The researchers created a model based on Machine Learning (ML), a kind of AI that detects rotational movements in clouds from satellite images that might have otherwise gone unnoticed.
“The very best forecasting incorporates as much data as possible, there’s so much to take in as the atmosphere is infinitely complex. By using the models and the data we have, we’re taking a snapshot of the most complete look of the atmosphere,” said Steve Wistar, Senior Forensic Meteorologist at AccuWeather in the US.
In their study, the researchers worked with Wistar and other meteorologists to analyse more than 50,000 historical U.S. weather satellite images. In them, experts identified and labeled the shape and motion of “comma-shaped” clouds. These cloud patterns are strongly associated with cyclone formations, which can lead to severe weather events including hail, thunderstorms, high winds, and blizzards.
Researchers then used computer vision and machine learning techniques, to automatically recognize and detect comma-shaped clouds in satellite images. The computers can then assist experts by pointing out in a real-time where, in an ocean of data, could they focus their attention in order to detect the onset of severe weather.
“Because the comma-shaped cloud is a visual indicator of severe weather events, our scheme can help meteorologists forecast such events,” said Rachel Zheng, a doctoral student in the College of Information Sciences and Technology at Penn State and the main researcher on the project.
This project enhances earlier work between AccuWeather and a College of IST research group led by professor James Wang, who is the dissertation adviser of Zheng.

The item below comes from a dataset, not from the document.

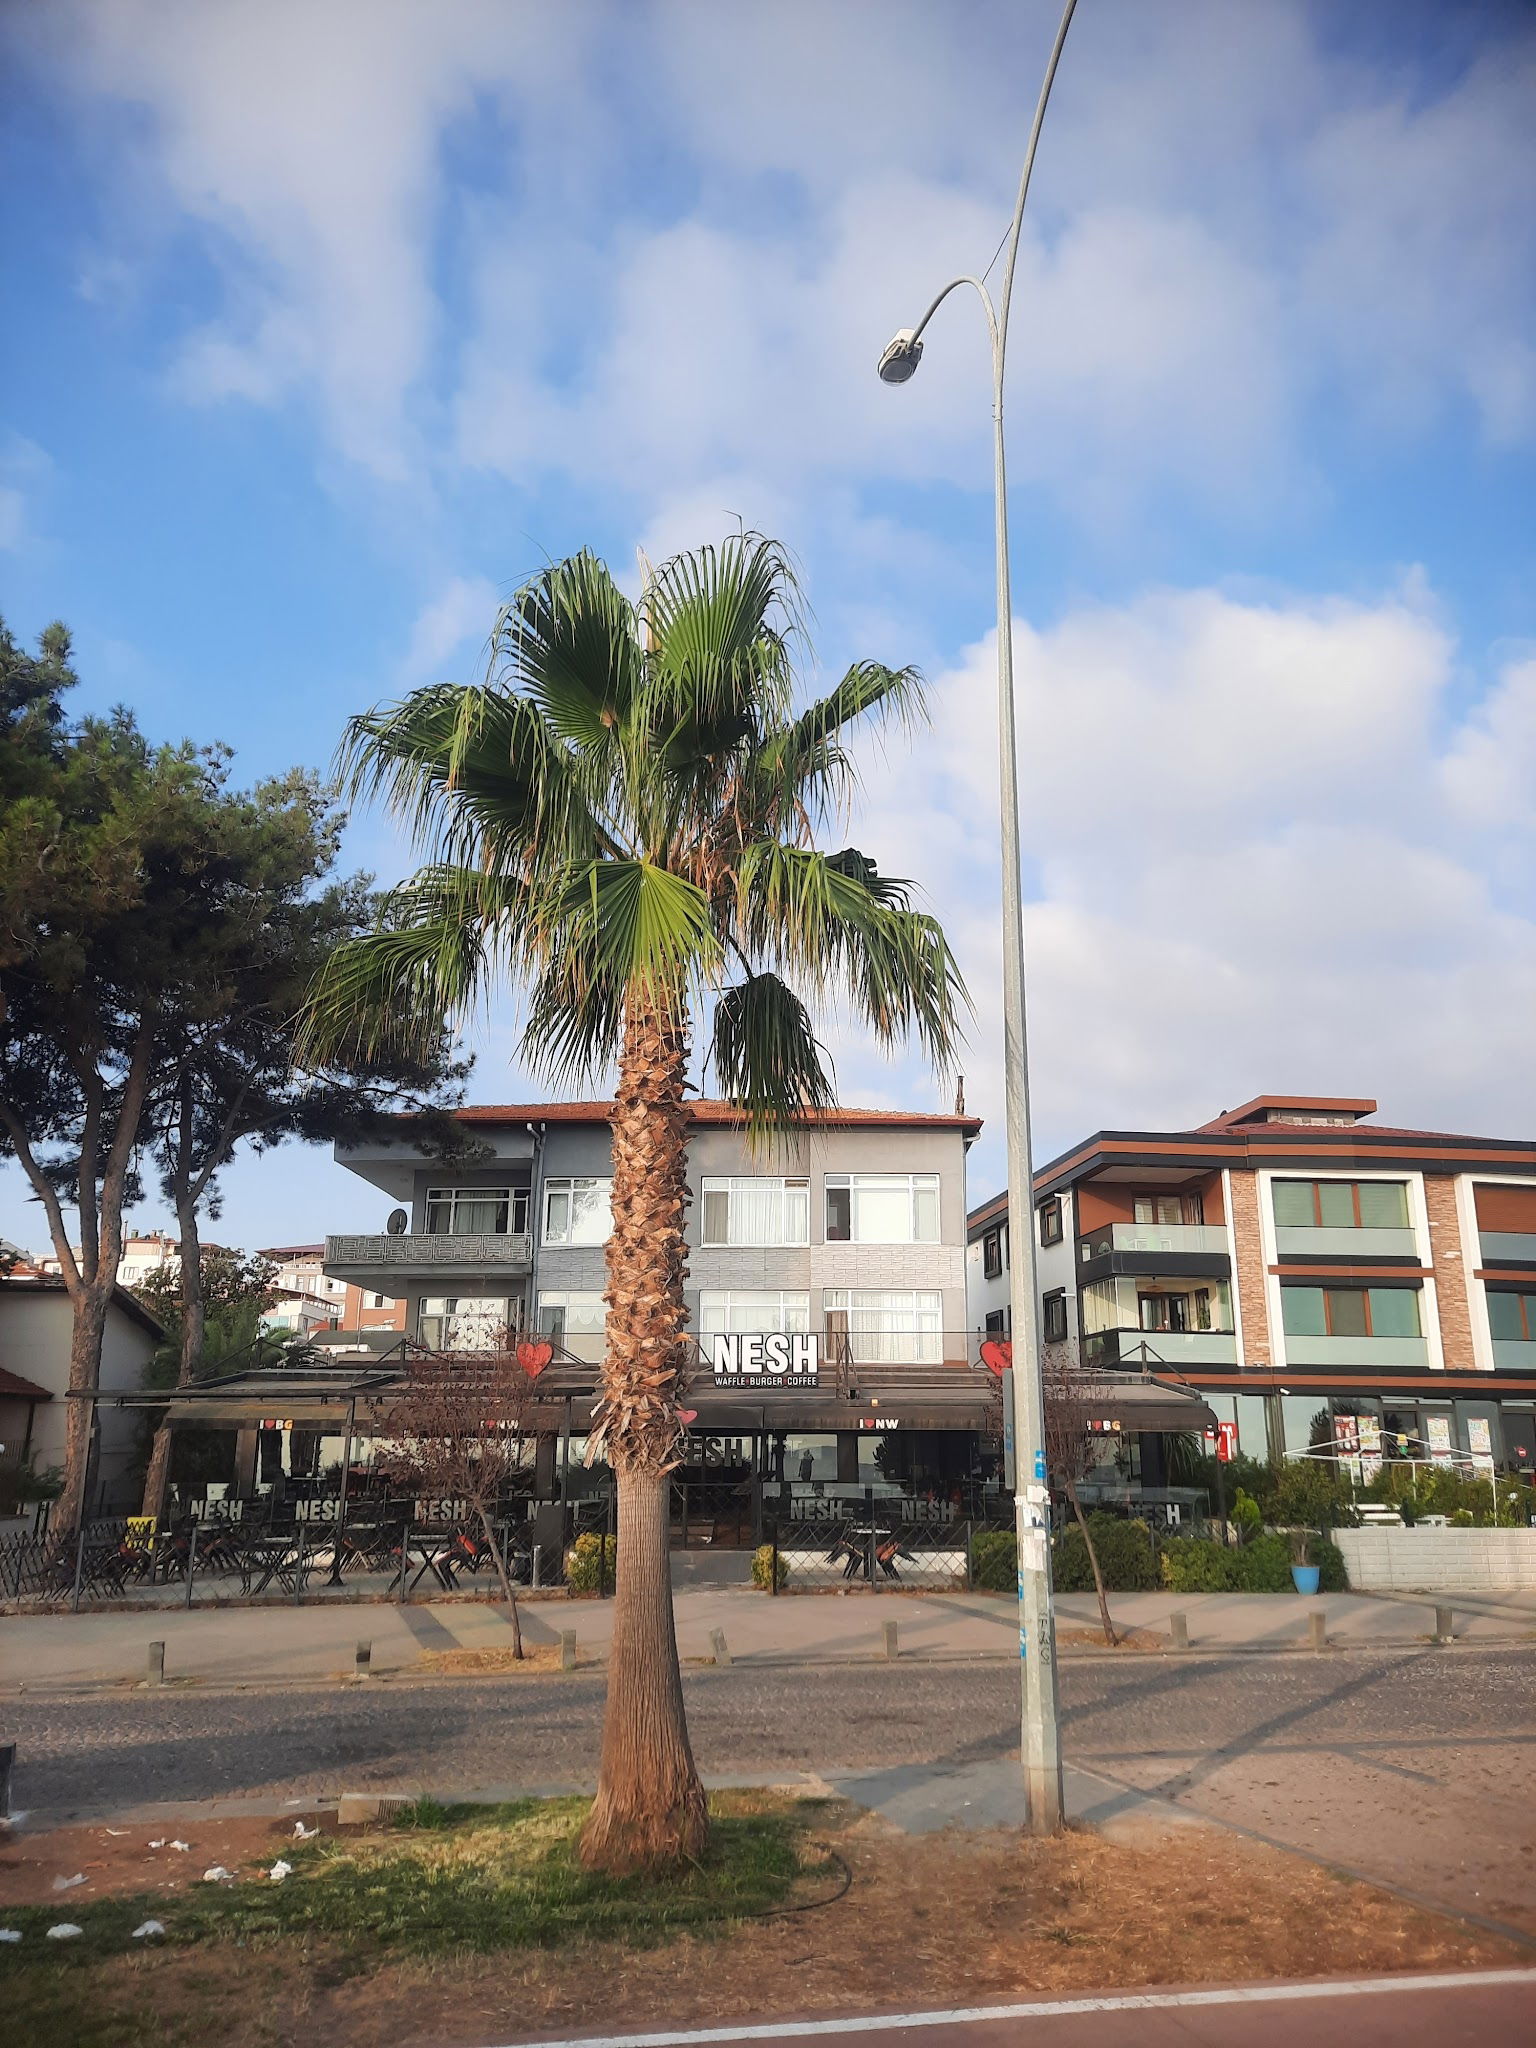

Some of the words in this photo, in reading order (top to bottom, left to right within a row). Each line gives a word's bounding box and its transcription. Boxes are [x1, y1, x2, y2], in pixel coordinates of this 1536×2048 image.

“We recognized when our collaboration began [with AccuWeather in 2010] that a significant challenge facing meteorologists and climatologists was in making sense of the vast and continually increasing amount of data generated by Earth observation satellites, radars and sensor networks,” said Wang. “It is essential to have computerized systems analyze and learn from the data so we can provide timely and proper interpretation of the data in time-sensitive applications such as severe-weather forecasting.”
He added, “This research is an early attempt to show feasibility of artificial intelligence-based interpretation of weather-related visual information to the research community. More research to integrate this approach with existing numerical weather-prediction models and other simulation models will likely make the weather forecast more accurate and useful to people.”
Concluded Wistar, “The benefit [of this research] is calling the attention of a very busy forecaster to something that may have otherwise been overlooked.”